The words fire and explosion spell danger under any circumstances, much more so in case of ships which sail across the deep seas often in isolation from the rest of the world. We have been studying about various situations involving fire, fire fighting equipment and so forth in our previous articles. We have also talked about crankcase explosions and their cause.
As we learned earlier, crankcase explosions impose heavy threat to the ship’s engine room and ship personnel. It is imperative to take necessary precautions to prevent such explosions on ship. The main reason for crankcase explosions is the accumulation of fuel mist in the crankcase which gets ignited due to sparks for hot spots. A large pressure is generated inside the crankcase due to this, which eventually bursts out the doors and casing.

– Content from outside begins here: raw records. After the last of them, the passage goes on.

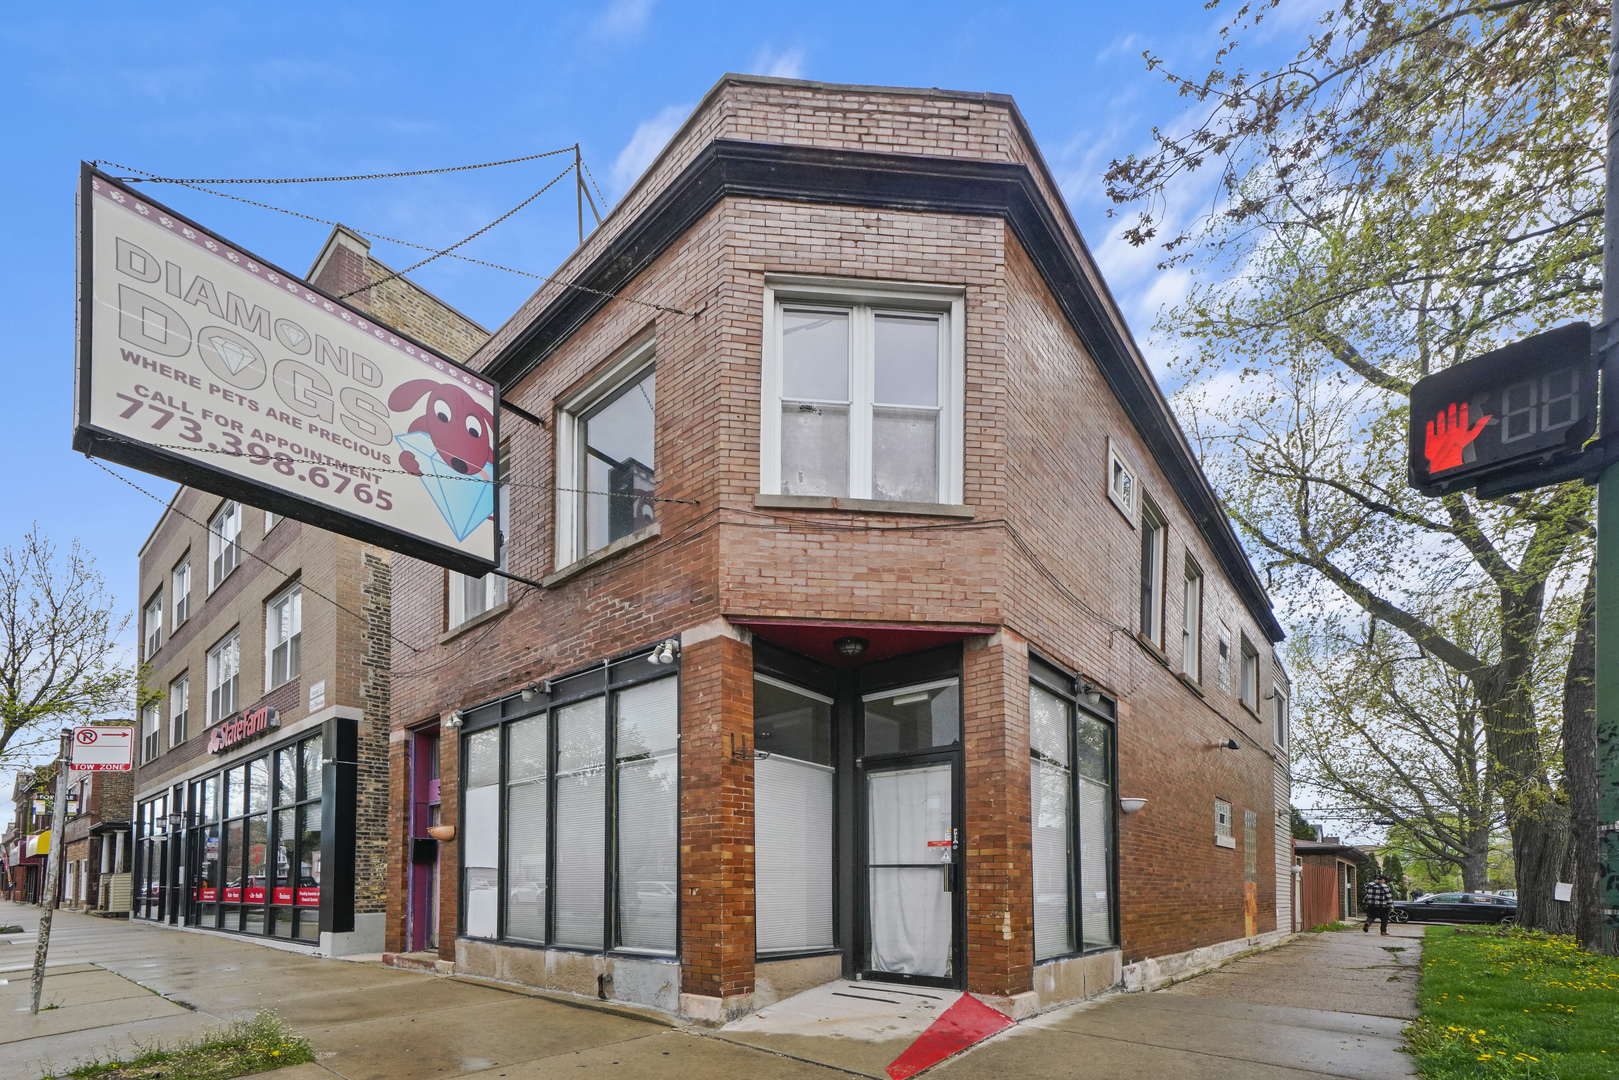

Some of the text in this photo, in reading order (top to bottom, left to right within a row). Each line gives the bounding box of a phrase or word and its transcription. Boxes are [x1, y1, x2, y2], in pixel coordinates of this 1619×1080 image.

[115, 236, 383, 388] DIAMOND
[118, 283, 393, 446] DOGS
[116, 392, 393, 511] 773.398.6765
[120, 347, 391, 465] WHERE PETS ARE PRECIOUS
[133, 384, 382, 485] CALL FOR APPOINTMENT

As a practical safe guard against these explosions, explosion relief valves and doors are fitted. These valves serve two functions
- To relieve excess pressure inside the crankcase thereby normalizing the pressure
- To prevent the flames inside the crankcase from coming out and causing further damage
The picture below shows such safety relief valve doors as fitted on the side of the main diesel engine of the ship. We will learn about the actual construction and operating principles in the subsequent section
Construction and Working
All the explosion safety relief valves are spring loaded self-closing valves, which stop the entry of atmospheric air in to the crankcase. Moreover, the design, size and arrangement of the valves depend on the size and capacity of the engine. For example, a large slow speed diesel engine consists of two door type relief valves fitted to each crankcase, whereas in a medium speed diesel engine only one valve is used. So basically the relief valve is a one-way entry which only allows inside pressure to escape when excess, without allowing the other way round.
As shown in the figure, an explosion relief valve consists of a light spring that holds the valve closely against its seat. The whole arrangement is enclosed in a cover, which is tightly bolted from all the sides. The assembly is mounted on the door of the crankcase. On the outside of the valve a deflector is fitted which safeguards the personnel from escaping pressurized gases. On the inside of the engine, an oil wetted gaze acts as a flame trap to prevent any flame leaving the crankcase.

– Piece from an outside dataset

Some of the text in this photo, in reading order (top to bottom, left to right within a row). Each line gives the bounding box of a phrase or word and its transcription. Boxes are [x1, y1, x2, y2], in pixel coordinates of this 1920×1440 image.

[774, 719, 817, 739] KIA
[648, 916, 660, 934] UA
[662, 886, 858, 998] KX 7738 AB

As the pressure inside the crankcase increases the valve raises compressing the spring. The excess pressure is released to the atmosphere. The Oil wetted Gauze assembly prevents the flame in the crankcase from escaping. The valve closes automatically under the tension and action of spring once the pressure reduces. Hence we can see that though the basic principle of operation is quite simple, yet it is a very useful mechanism which gets activated during times of need.
Mere presence of these valves is not sufficient and will not guarantee their operation during times of actual need. Therefore in order to be safe and sound in case of a real emergency, routine inspections should be carried out for determining the working condition of the valves. Some of the following points need to be considered
- The valve springs should be checked for any jamming or obstruction.
- The gauze assembly should also be properly maintained and prevented from corrosion.
Needless to say, if anything is found lacking in the above observations and checks, immediate steps need to be taken to rectify the fault. Remember that Safety First Is A Must and nothing is more important than life itself.